■ **YOUR ASSIGNMENT**
An exact reproduction of the listing, minus the pictures, is the required output.

■ **RECORDS PROVIDED**

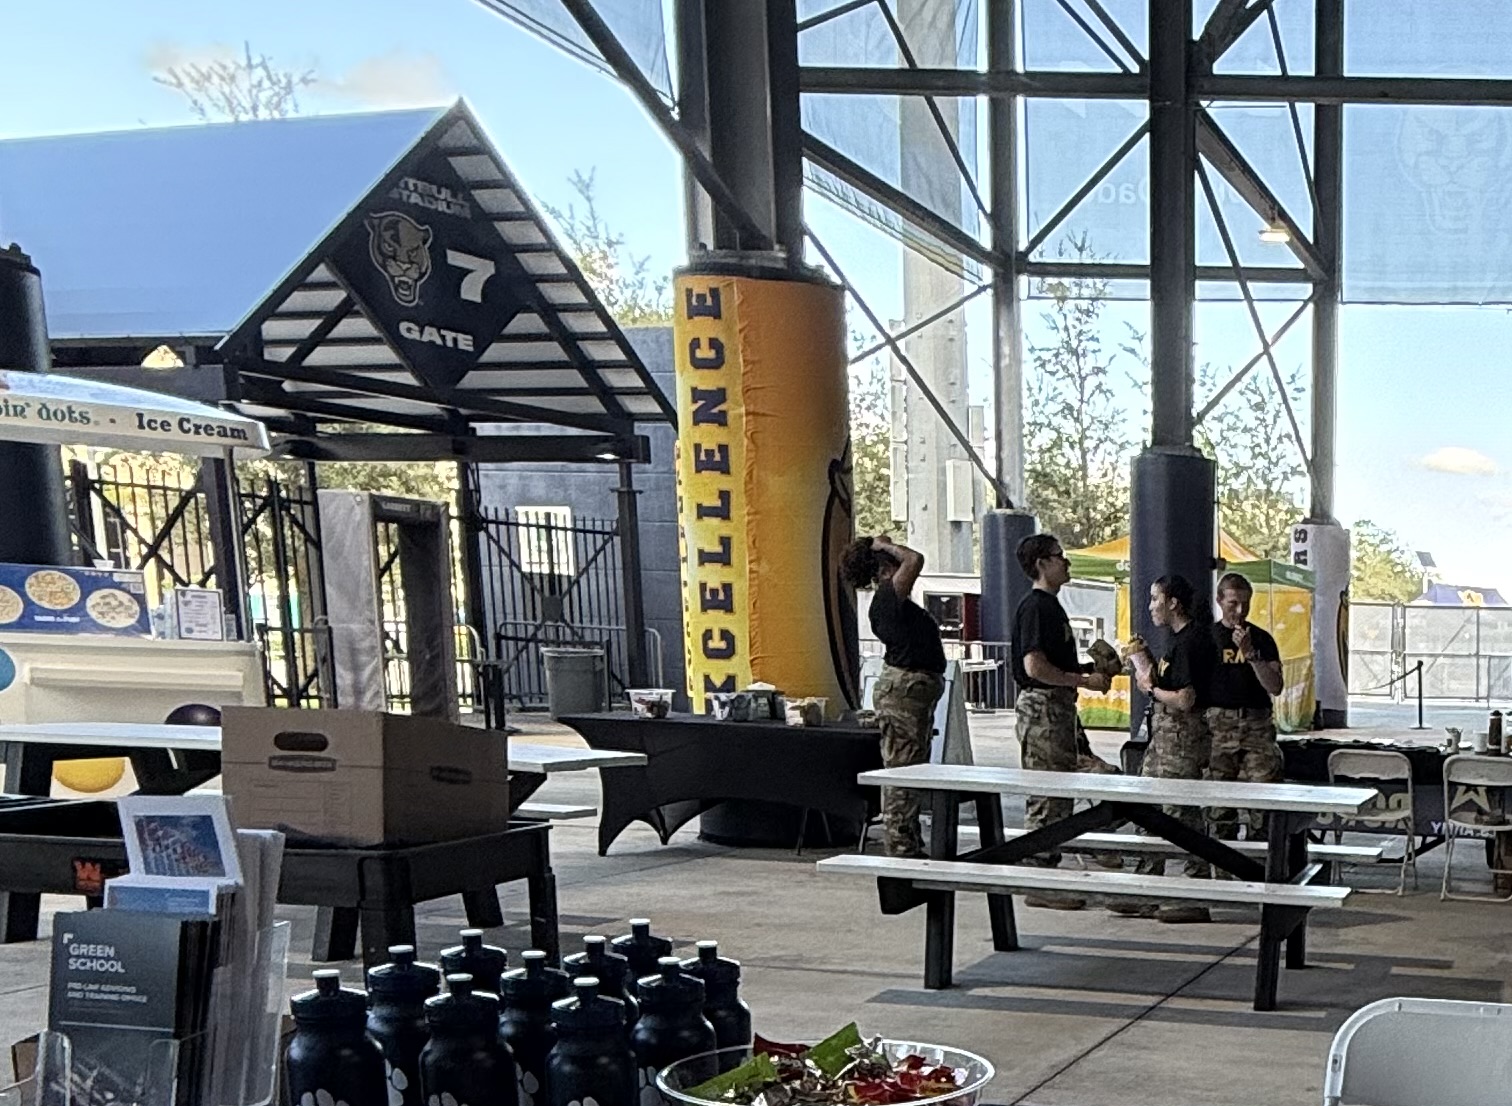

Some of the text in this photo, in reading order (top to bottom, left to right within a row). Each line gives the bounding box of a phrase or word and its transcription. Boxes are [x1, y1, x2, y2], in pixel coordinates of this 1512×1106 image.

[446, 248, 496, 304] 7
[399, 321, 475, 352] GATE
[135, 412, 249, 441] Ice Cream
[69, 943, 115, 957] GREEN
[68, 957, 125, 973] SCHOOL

■ **REPLY TO THE TASK**
Some of the text in this photo, in reading order (top to bottom, left to right within a row). Each line gives the bounding box of a phrase or word and its transcription. Boxes are [x1, y1, x2, y2], in pixel coordinates of this 1512×1106 image.

[446, 248, 496, 304] 7
[399, 321, 475, 352] GATE
[135, 412, 249, 441] Ice Cream
[69, 943, 115, 957] GREEN
[68, 957, 125, 973] SCHOOL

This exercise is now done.